A guest post by: Cricket la belle
I had lots of plans when I was 21.
I was going to travel the world, volunteer in the Global south, speak 5 UN languages fluently, and get a graduate degree in international human rights law.
I was going to have a Real Career and make Lots of Money. More importantly, I was going to make a Difference in the World while doing so.
The night before I found out I was pregnant, I was doing tequila shots with old friends in an Irish pub in Midtown Manhattan, sharing my plans to move to Shanghai for a university teaching stint.
I never made it to China.
Ava was born six months later—I hadn’t even graduated from college.

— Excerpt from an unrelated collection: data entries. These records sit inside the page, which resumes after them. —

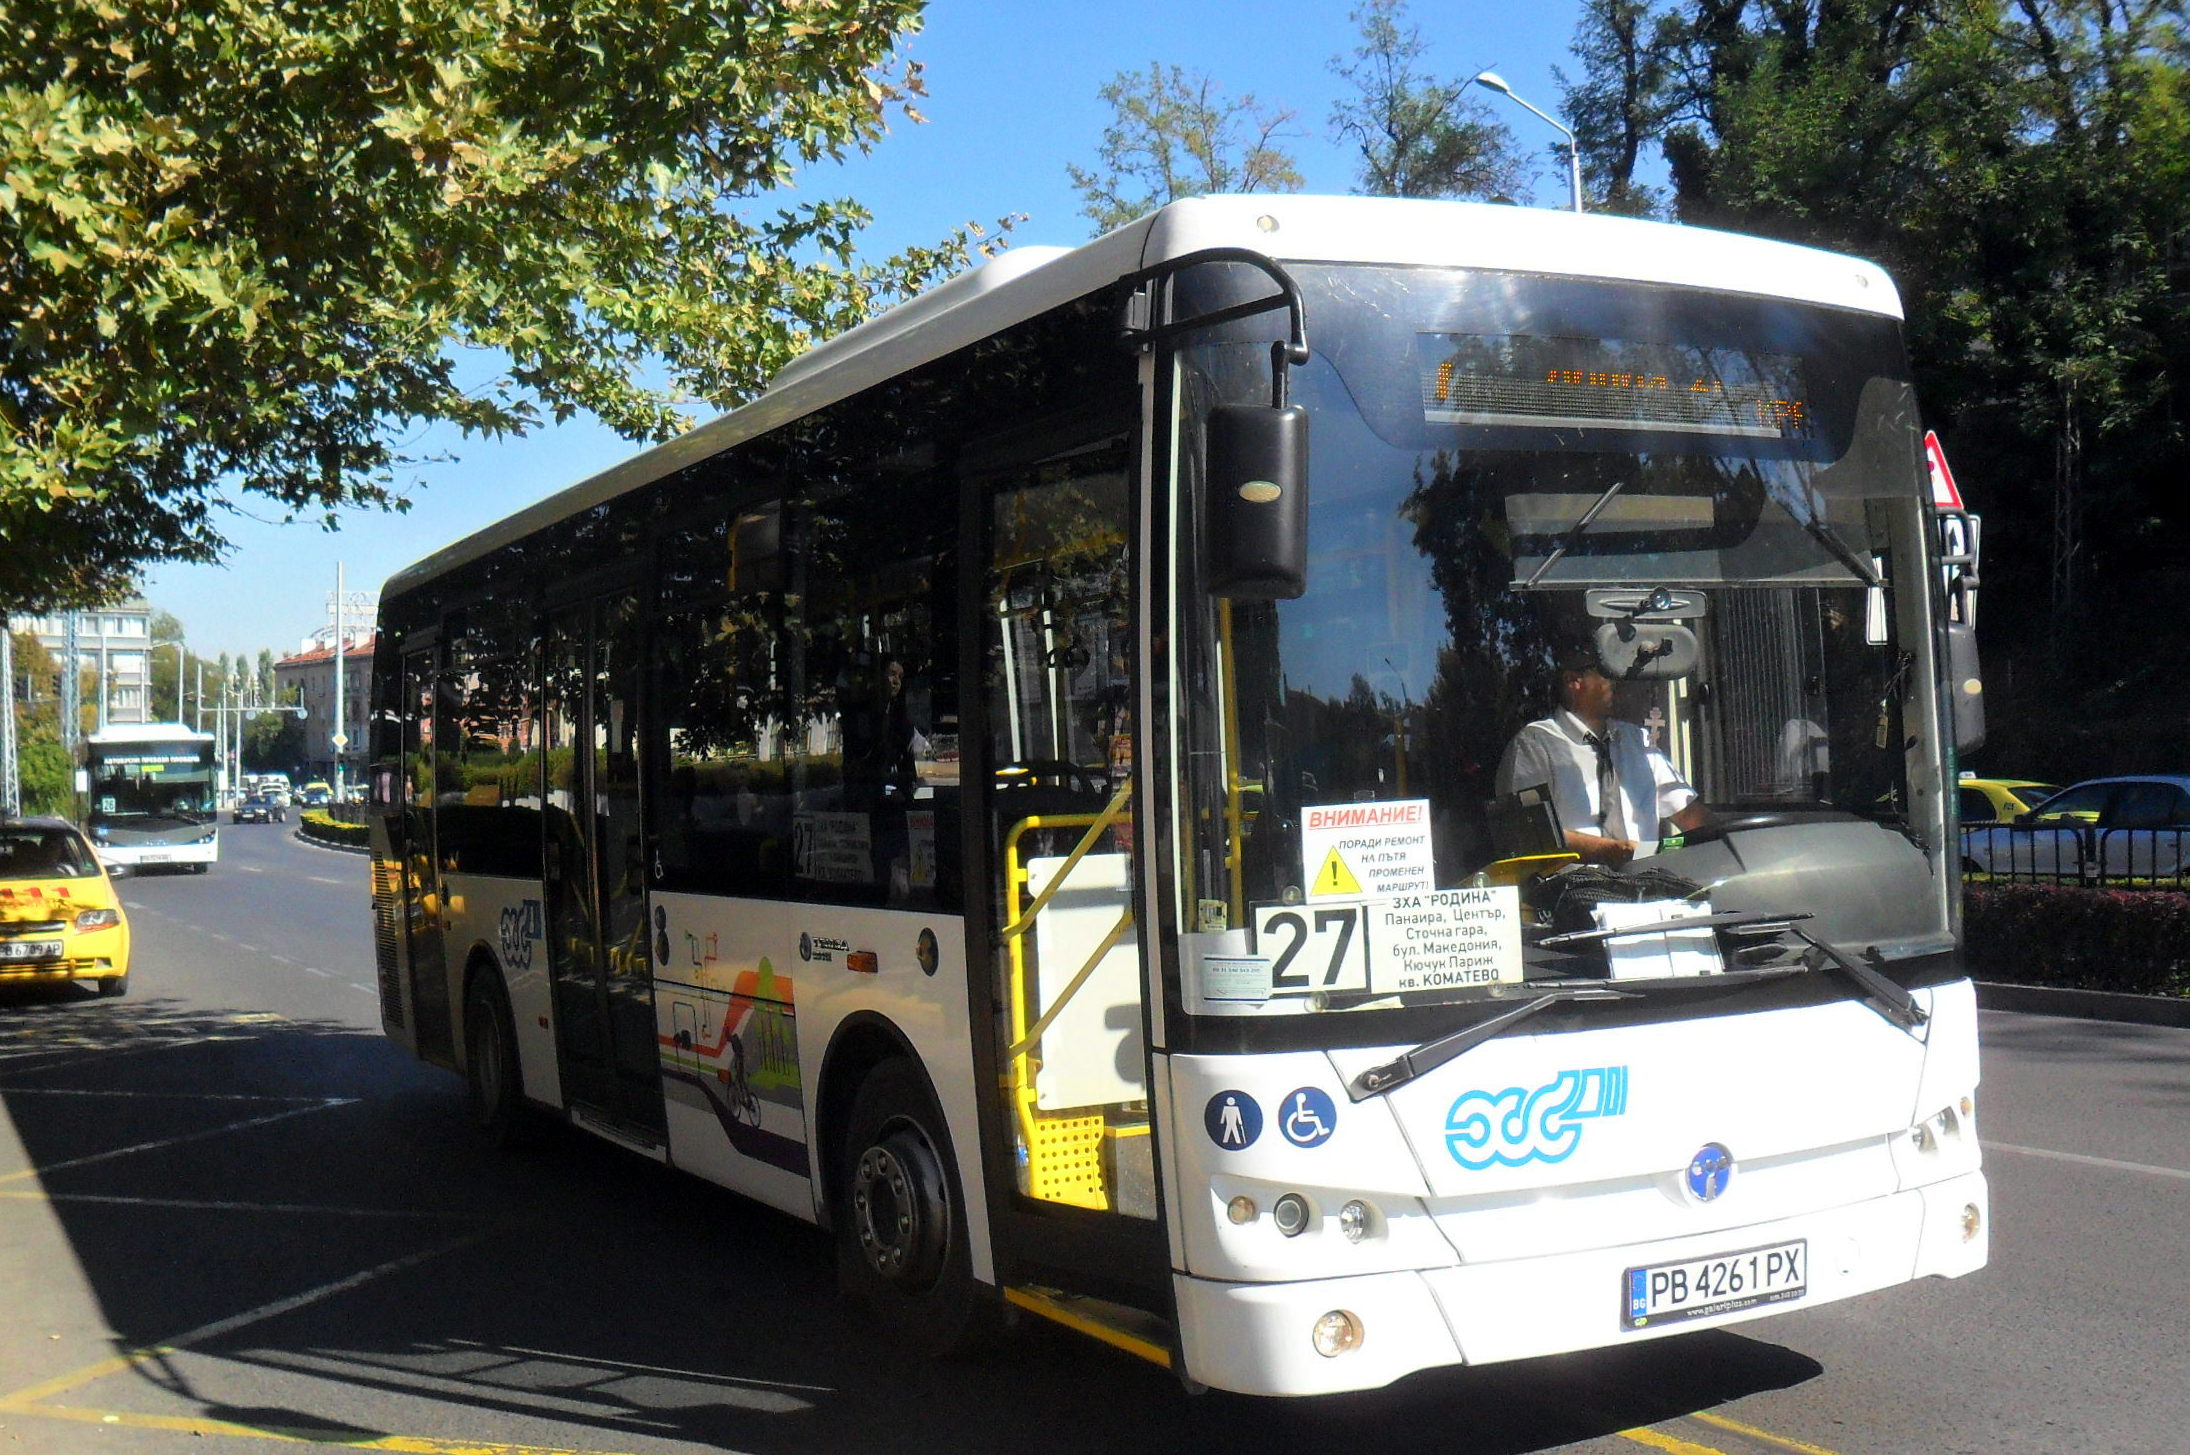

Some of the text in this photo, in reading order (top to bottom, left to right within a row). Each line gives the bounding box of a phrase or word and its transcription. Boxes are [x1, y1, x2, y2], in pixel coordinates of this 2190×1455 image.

[1309, 805, 1422, 828] ВНИМАНИЕ!
[1339, 835, 1425, 850] ПОРАДИ РЕМОНТ
[1361, 852, 1406, 864] НА ПЪТЯ
[1368, 866, 1424, 878] ПРОМЕНЕН
[1376, 881, 1429, 893] МАРШРУТ!
[1393, 889, 1496, 909] ЗХА "РОДИНА"
[1385, 908, 1506, 926] Панаира, Център,
[1406, 925, 1488, 940] Сточна гара,
[1263, 908, 1357, 989] 27
[1393, 939, 1502, 958] бул. Македония,
[1404, 955, 1493, 973] Кючук Париж
[1399, 968, 1499, 989] кв. КОМАТЕВО
[1651, 1248, 1800, 1308] PB 4261 PX
[1633, 1298, 1646, 1311] BG
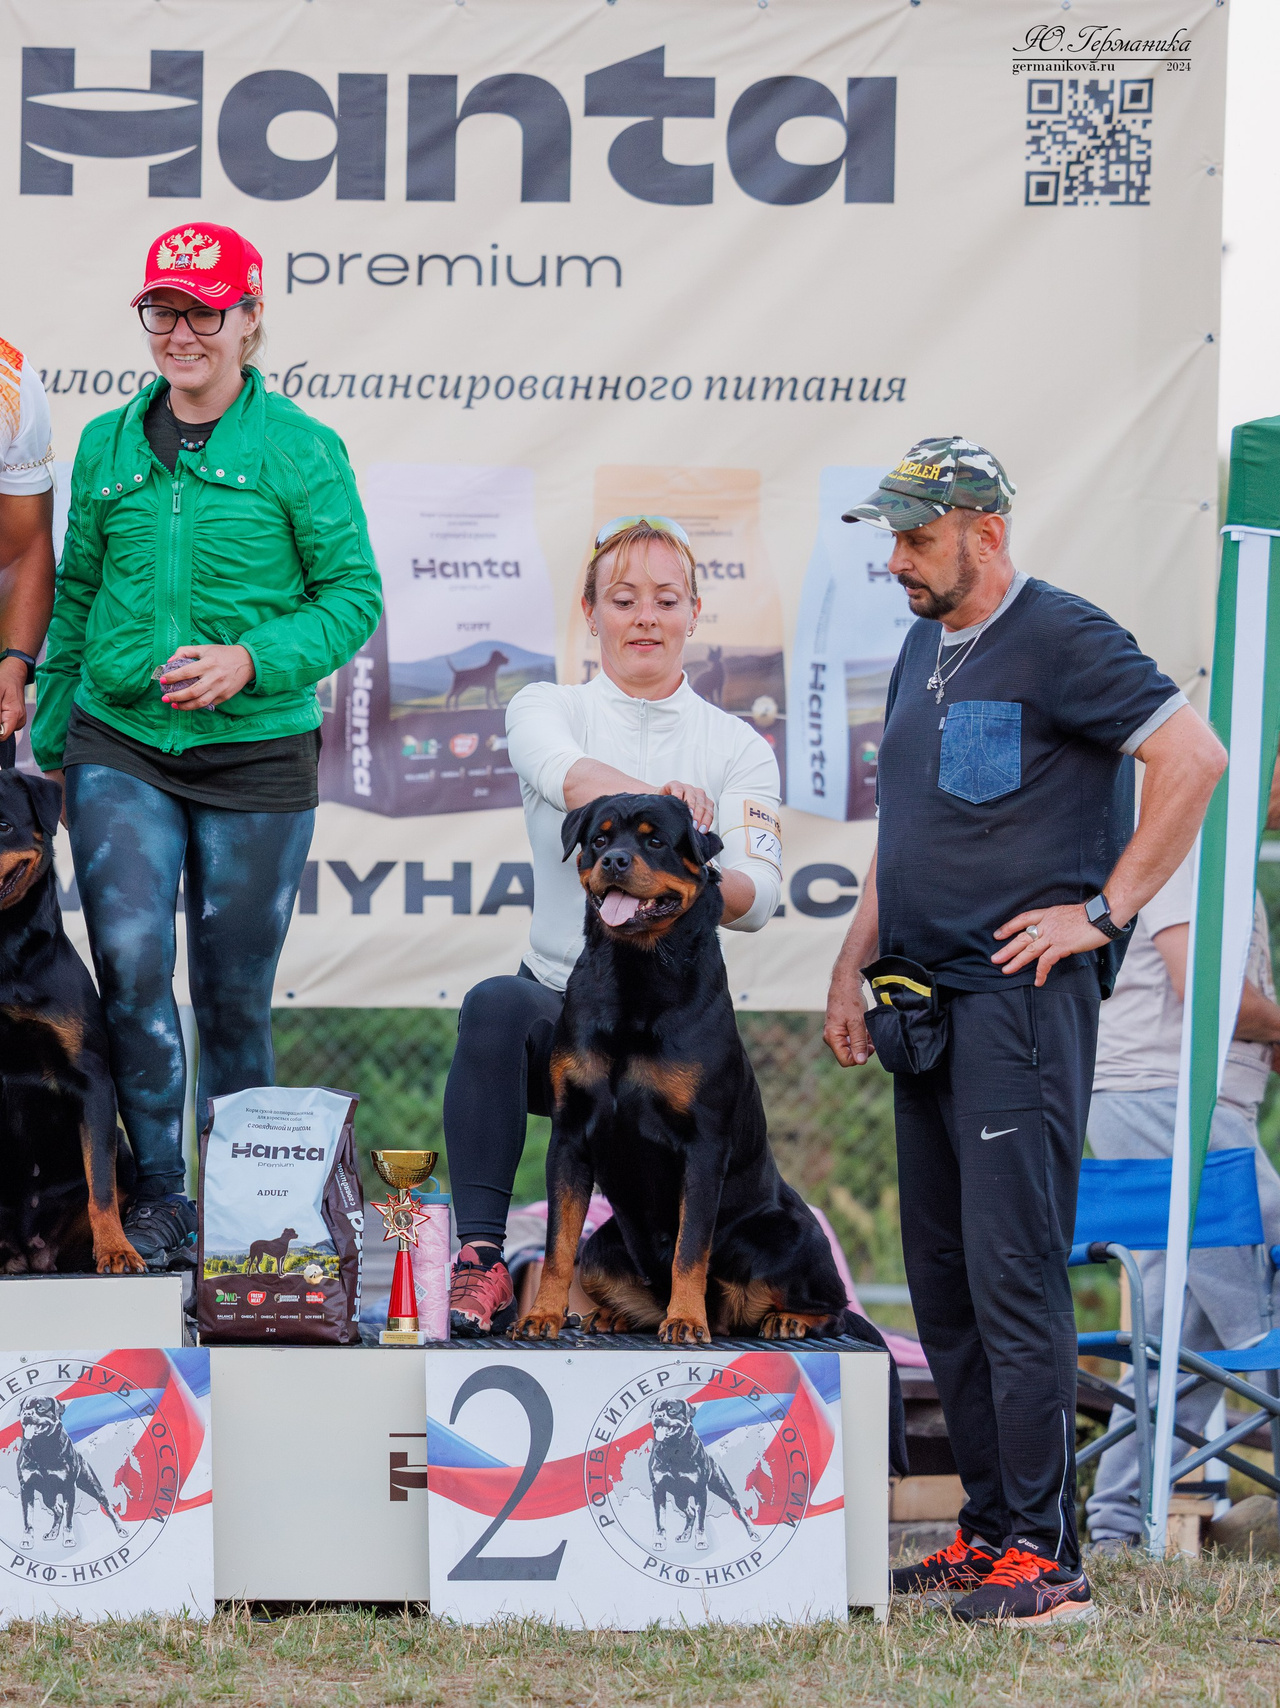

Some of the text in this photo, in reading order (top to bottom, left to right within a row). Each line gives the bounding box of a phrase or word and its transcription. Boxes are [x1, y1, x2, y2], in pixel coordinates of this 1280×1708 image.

[20, 42, 897, 205] Hanta
[287, 244, 622, 294] premium
[704, 374, 907, 404] питания
[412, 557, 521, 579] Hanta
[352, 656, 374, 797] Hanta
[809, 661, 827, 799] Hanta
[231, 1142, 325, 1162] Hanta
[257, 1189, 289, 1197] ADULT
[57, 1363, 133, 1398] КЛУБ
[137, 1402, 177, 1525] РОССИИ
[587, 1366, 809, 1531] РОТВЕЙЛЕР КЛУБ РОССИИ
[447, 1365, 568, 1581] 2
[9, 1546, 132, 1583] РКФ-НКПР
[642, 1548, 765, 1585] РКФ-НКПР
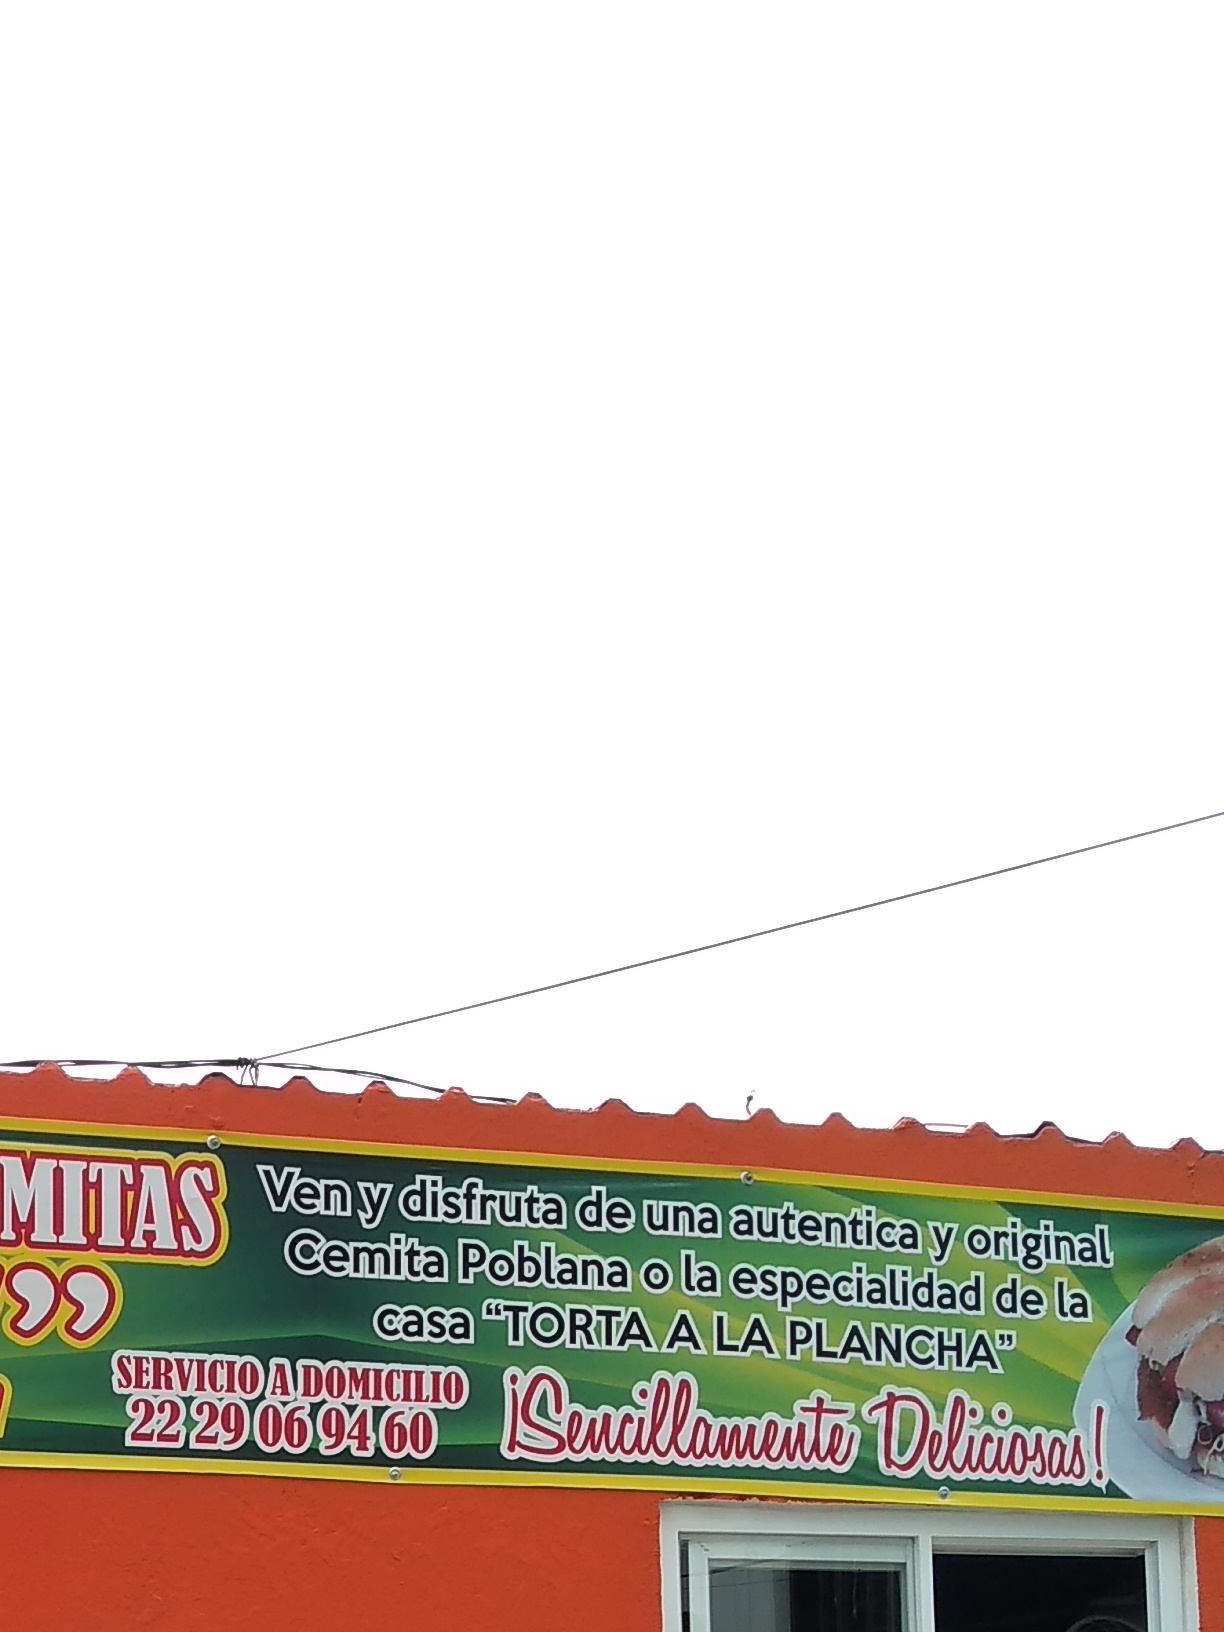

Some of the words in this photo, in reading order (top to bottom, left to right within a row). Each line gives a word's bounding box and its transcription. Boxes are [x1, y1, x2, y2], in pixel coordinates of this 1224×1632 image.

Physically bringing a child into the world was as close to a mystical experience as I have ever had. Love for my tiny muse replaced the youthful, destructive tendencies to party and forge serial relationships with the wrong men—which was how I got pregnant in the first place.
However, the joy of caring for an infant was punctuated with pangs of jealousy as I watched my friends travel, have careers, and live and play in NYC while I wallowed in domesticity in the outer boroughs (not the cool one).
If becoming a mother was an ecstatic experience, it was tempered by an equally powerful dislike of being a wife.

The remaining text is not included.